The National Socio-economic Registry will be regularly updated to keep it current and deliver services to the Pakistanis most in need. The effort started in earnest in 2020 to hand out Rs. 12,000 per family to 3 million most affected by the COVID19 lockdown. Here's how a Pakistani government website describes the digital registry architecture:

"The Cognitive API architecture for Ehsaas’ National Socio-Economic Registry 2021 is one of the six main pillars of ‘One Window Ehsaas’. With the survey, which is building the registry currently 90.5% complete nationwide, Ehsaas is firming up its plans to open data sharing and data access services for all executing agencies under Poverty Alleviation and Social Safety Division (PASSD). Data sharing will be done through the Cognitive API Architecture approach. The deployment of Ehsaas API architecture for data sharing will allow executing agencies to access data from the unified registry in real-time to validate beneficiary information. This will empower them to ascertain eligibility of potential beneficiaries".

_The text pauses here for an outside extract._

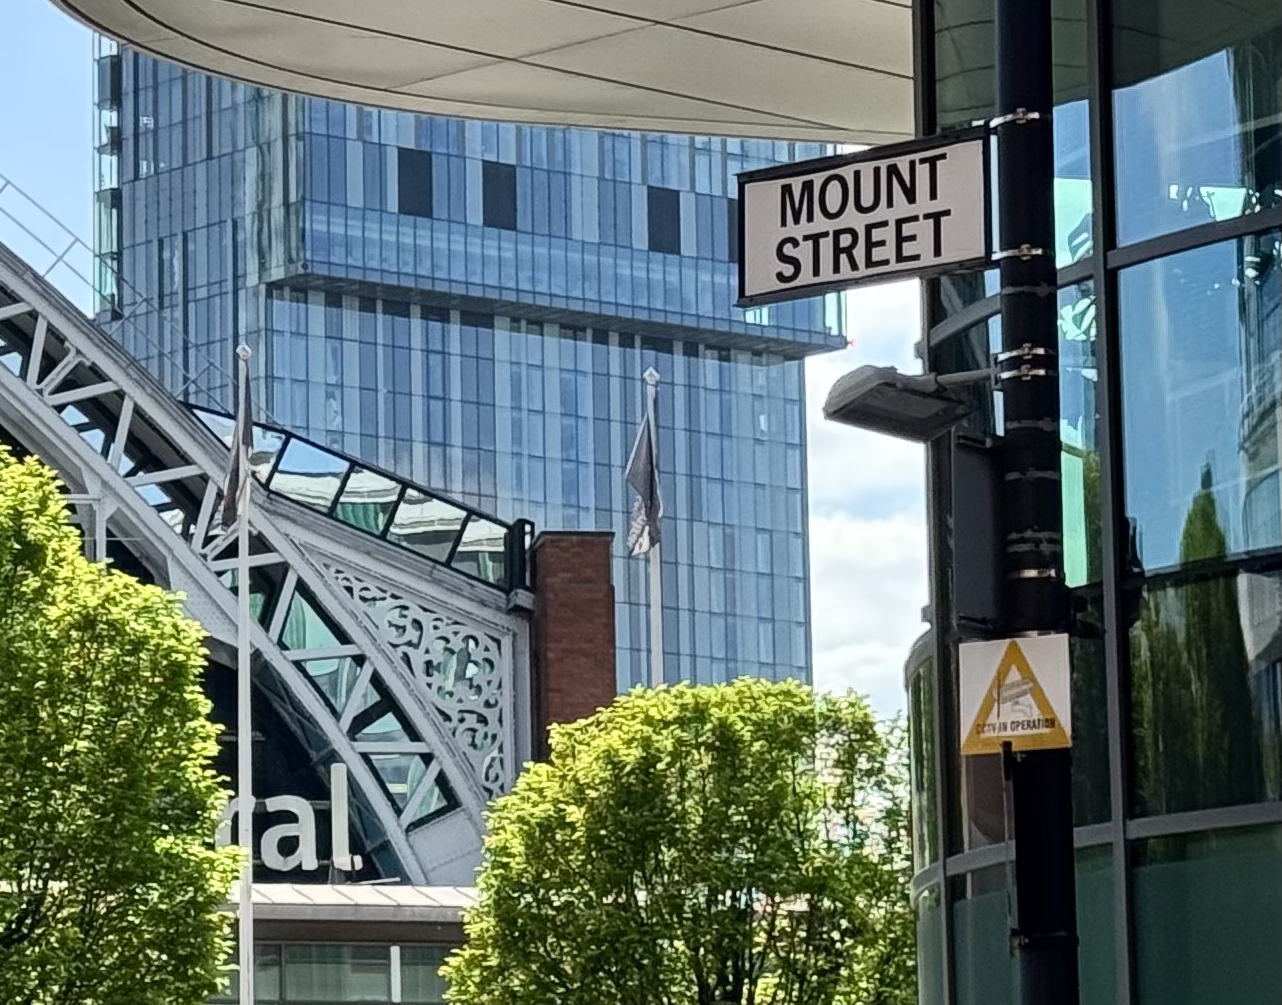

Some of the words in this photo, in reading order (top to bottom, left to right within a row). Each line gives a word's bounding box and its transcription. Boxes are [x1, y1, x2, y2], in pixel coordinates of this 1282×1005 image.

[779, 152, 948, 229] MOUNT
[775, 208, 952, 285] STREET
[998, 721, 1008, 734] IN
[1010, 717, 1056, 732] OPERATION

More recently, the Pakistan Tehrik-e-Insaf (PTI) governments in Khyber Pukhtunkhwa (KP) and Punjab provinces have rolled out Sehat Cards to provide free health coverage to cover tens of millions of people. This is essentially a government-funded health insurance program run by insurance companies to cover up to one million rupees worth of care each year at government certified public and private clinics and hospitals. It represents a major expansion of this program which was first introduced in Khyber-Pakhtunkhwa province. It is now available to residents of Khyber Pakhtunkhwa, Punjab, Balochistan, Gilgit Baltistan, Azad Kashmir, and Tharparkar district in Sindh under the Sehat Sahulat Program.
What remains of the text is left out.